# [Goal of the exercise]
The result should be the listing below restated word for word, with images left out.
*** Opening of Supplied information ***
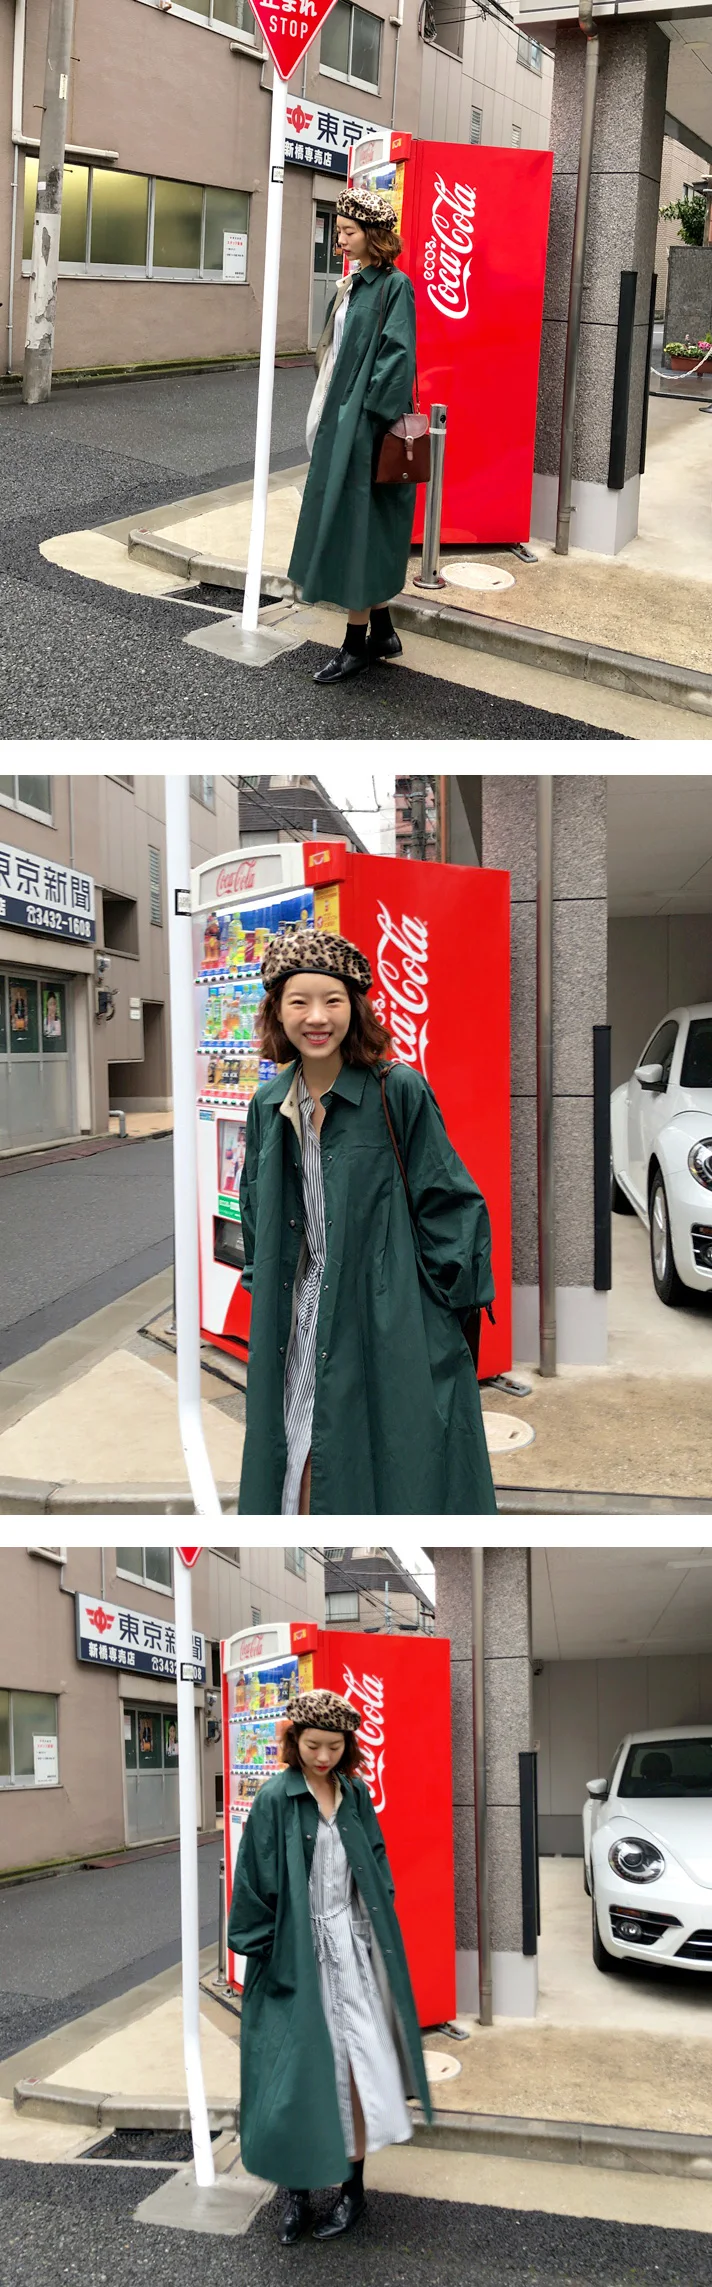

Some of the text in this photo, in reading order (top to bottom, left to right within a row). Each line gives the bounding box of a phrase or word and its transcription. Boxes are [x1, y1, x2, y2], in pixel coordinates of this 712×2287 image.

[269, 15, 309, 39] STOP
[317, 111, 377, 148] 東京
[285, 140, 333, 167] 新橋専売店
[427, 171, 477, 319] Coca-Cola
[36, 906, 92, 938] 3432-1608
[87, 1640, 136, 1667] 新橋専売店
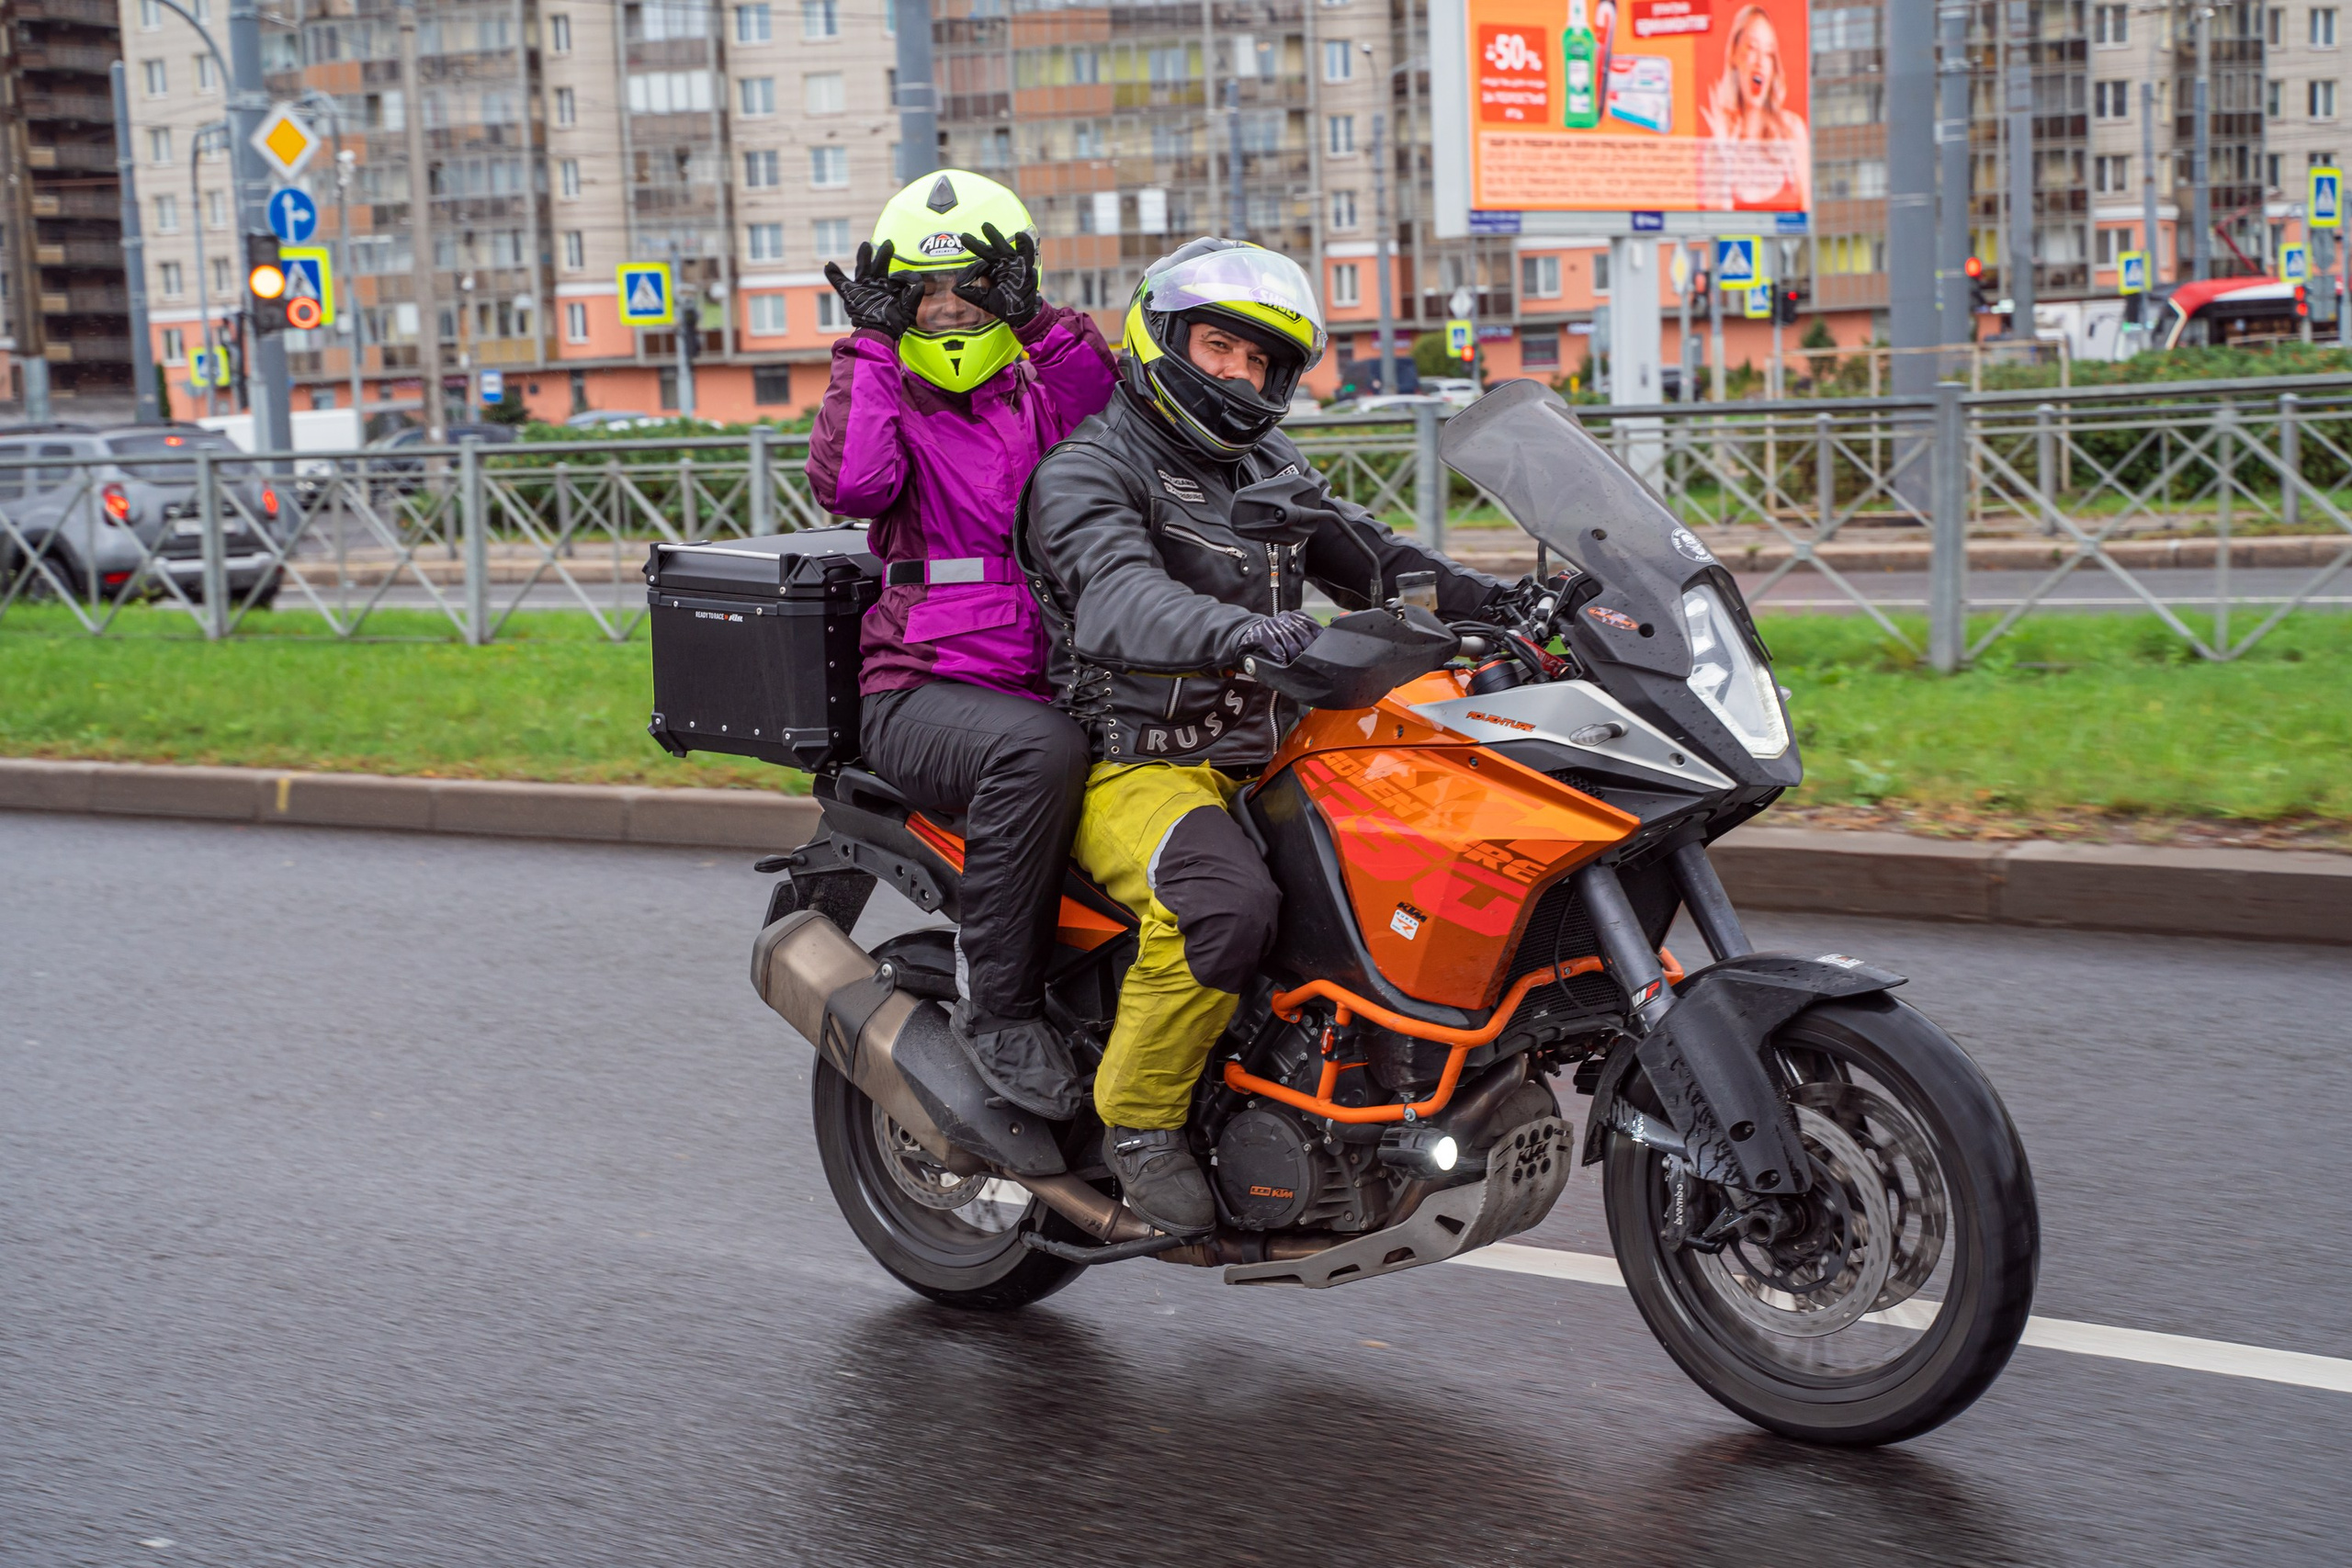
*** Close of Supplied information ***
# [Response to the task]
Some of the text in this photo, in reading order (top to bottom, left to right within a row). Each line gives the bounding box of a phrase or word and its transcription. Boxes are [x1, y1, x2, y2], in pixel coordinates of this 712×2287 image.

[269, 15, 309, 39] STOP
[317, 111, 377, 148] 東京
[285, 140, 333, 167] 新橋専売店
[427, 171, 477, 319] Coca-Cola
[36, 906, 92, 938] 3432-1608
[87, 1640, 136, 1667] 新橋専売店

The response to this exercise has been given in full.